Remplacez les détenus par des collègues, la maison d’arrêt par l’entreprise, la machine judiciaire par certains types de management et vous aurez une idée assez fidèle de ce que l’absence de miséricorde peut engendrer dans la vie professionnelle… Le contrôle, la surveillance, la punition, l’élimination règnent encore en maître dans l’esprit et le management de bien des chefs d’entreprise, de bien des chefs d’équipe. Pourtant un management de la miséricorde serait bien plus efficace et performant !

« Soyez miséricordieux comme votre Père céleste est miséricordieux » (Lc 6,36) : Jésus a sans doute médité longuement ces passages du livre de la Sagesse et des Psaumes où Dieu a pitié parce que lui est Tout-Puissant. Revêtons-nous de cette même attitude du cœur, pour n’avoir plus de répulsion envers quiconque, pour ne jamais vouloir la mort du pécheur, mais qu’il se convertisse et qu’il vive.

Et si en Dieu la puissance implique la pitié, alors faisons l’hypothèse qu’en l’homme l’inverse est également vrai…

 

 

1ère lecture : « Tu as pitié de tous les hommes, parce que tu aimes tout ce qui existe » (Sg 11, 22 – 12, 2)
Lecture du livre de la Sagesse

Seigneur, le monde entier est devant toi comme un rien sur la balance, comme la goutte de rosée matinale qui descend sur la terre. Pourtant, tu as pitié de tous les hommes, parce que tu peux tout. Tu fermes les yeux sur leurs péchés, pour qu’ils se convertissent. Tu aimes en effet tout ce qui existe, tu n’as de répulsion envers aucune de tes œuvres ; si tu avais haï quoi que ce soit, tu ne l’aurais pas créé. Comment aurait-il subsisté, si tu ne l’avais pas voulu ? Comment serait-il resté vivant, si tu ne l’avais pas appelé ? En fait, tu épargnes tous les êtres, parce qu’ils sont à toi, Maître qui aimes les vivants, toi dont le souffle impérissable les anime tous. Ceux qui tombent, tu les reprends peu à peu, tu les avertis, tu leur rappelles en quoi ils pèchent, pour qu’ils se détournent du mal et croient en toi, Seigneur.
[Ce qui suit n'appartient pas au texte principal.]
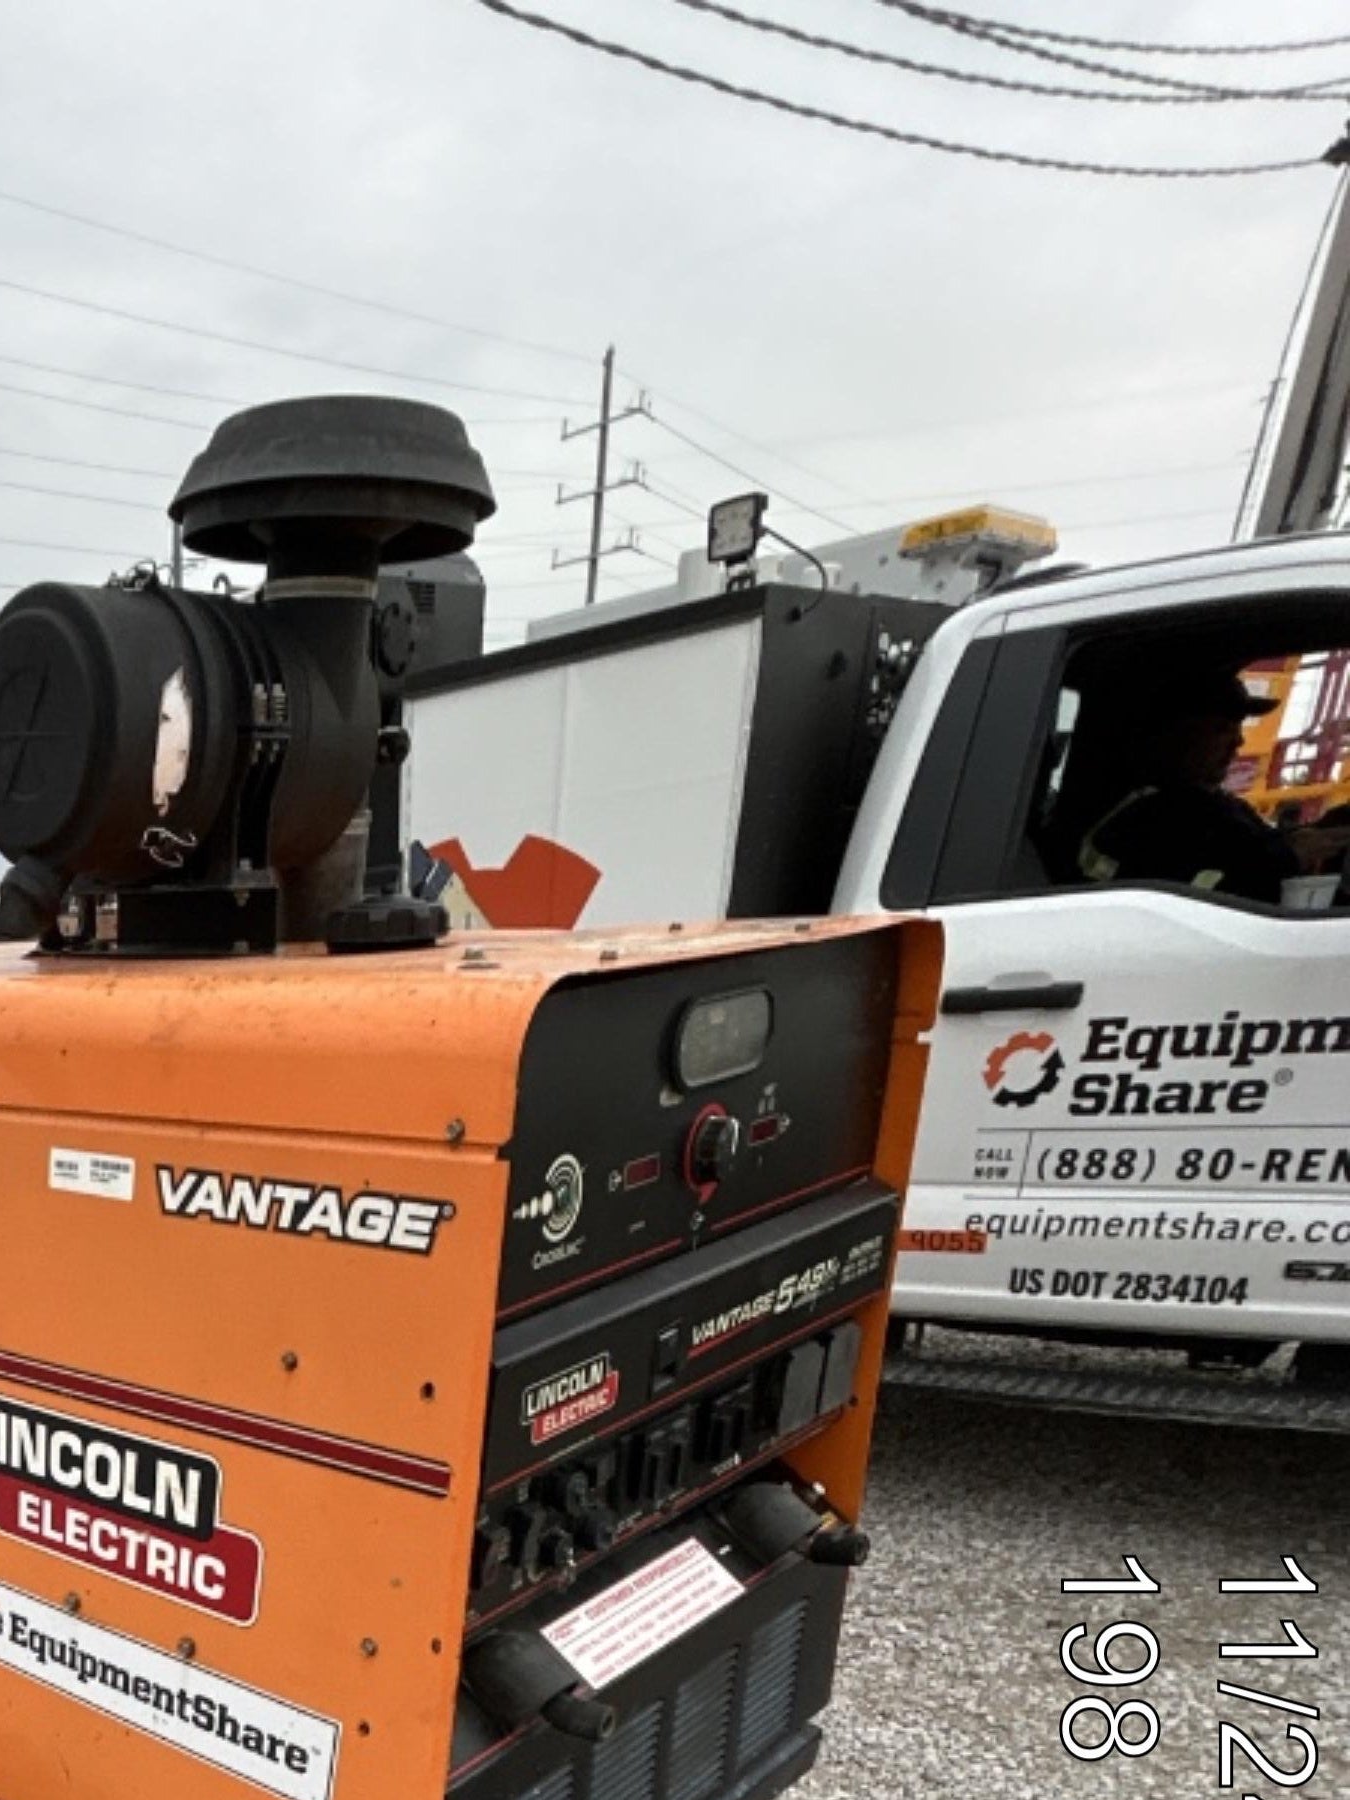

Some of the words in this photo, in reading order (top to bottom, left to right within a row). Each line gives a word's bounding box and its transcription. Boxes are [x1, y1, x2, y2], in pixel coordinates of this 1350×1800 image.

[1080, 1011, 1350, 1070] Equipm
[1068, 1073, 1269, 1116] Share
[974, 1166, 1009, 1180] NOW
[975, 1148, 1014, 1162] CALL
[1037, 1147, 1157, 1183] (888)
[155, 1164, 440, 1255] VANTAGE
[965, 1208, 1350, 1244] equipmentshare.co
[1010, 1268, 1044, 1294] US
[1051, 1269, 1107, 1299] DOT
[1113, 1271, 1249, 1305] 2834104
[692, 1289, 777, 1346] VANTAGE
[527, 1360, 604, 1417] LINCOLN
[543, 1388, 608, 1435] ELECTRIC
[17, 1490, 226, 1600] ELECTRIC
[8, 1611, 310, 1775] EquipmentShare
Psaume : Ps 144 (145), 1-2, 8-9, 10-11, 13cd-14

R/ Mon Dieu, mon Roi, je bénirai ton nom toujours et à jamais !    (Ps 144, 1)

Je t’exalterai, mon Dieu, mon Roi,
je bénirai ton nom toujours et à jamais !
Chaque jour je te bénirai,
je louerai ton nom toujours et à jamais.

Le Seigneur est tendresse et pitié,
lent à la colère et plein d’amour ;
la bonté du Seigneur est pour tous,
sa tendresse, pour toutes ses œuvres.

Que tes œuvres, Seigneur, te rendent grâce
et que tes fidèles te bénissent !
Ils diront la gloire de ton règne,
ils parleront de tes exploits.

Le Seigneur est vrai en tout ce qu’il dit,
fidèle en tout ce qu’il fait.
Le Seigneur soutient tous ceux qui tombent,
il redresse tous les accablés.

2ème lecture : « Le nom de notre Seigneur Jésus sera glorifié en vous, et vous en lui » (2 Th 1, 11 – 2, 2)
Lecture de la deuxième lettre de saint Paul apôtre aux Thessaloniciens

Frères, nous prions pour vous à tout moment afin que notre Dieu vous trouve dignes de l’appel qu’il vous a adressé ; par sa puissance, qu’il vous donne d’accomplir tout le bien que vous désirez, et qu’il rende active votre foi. Ainsi, le nom de notre Seigneur Jésus sera glorifié en vous, et vous en lui, selon la grâce de notre Dieu et du Seigneur Jésus Christ.
Frères, nous avons une demande à vous faire à propos de la venue de notre Seigneur Jésus Christ et de notre rassemblement auprès de lui : si l’on nous attribue une inspiration, une parole ou une lettre prétendant que le jour du Seigneur est arrivé, n’allez pas aussitôt perdre la tête, ne vous laissez pas effrayer. »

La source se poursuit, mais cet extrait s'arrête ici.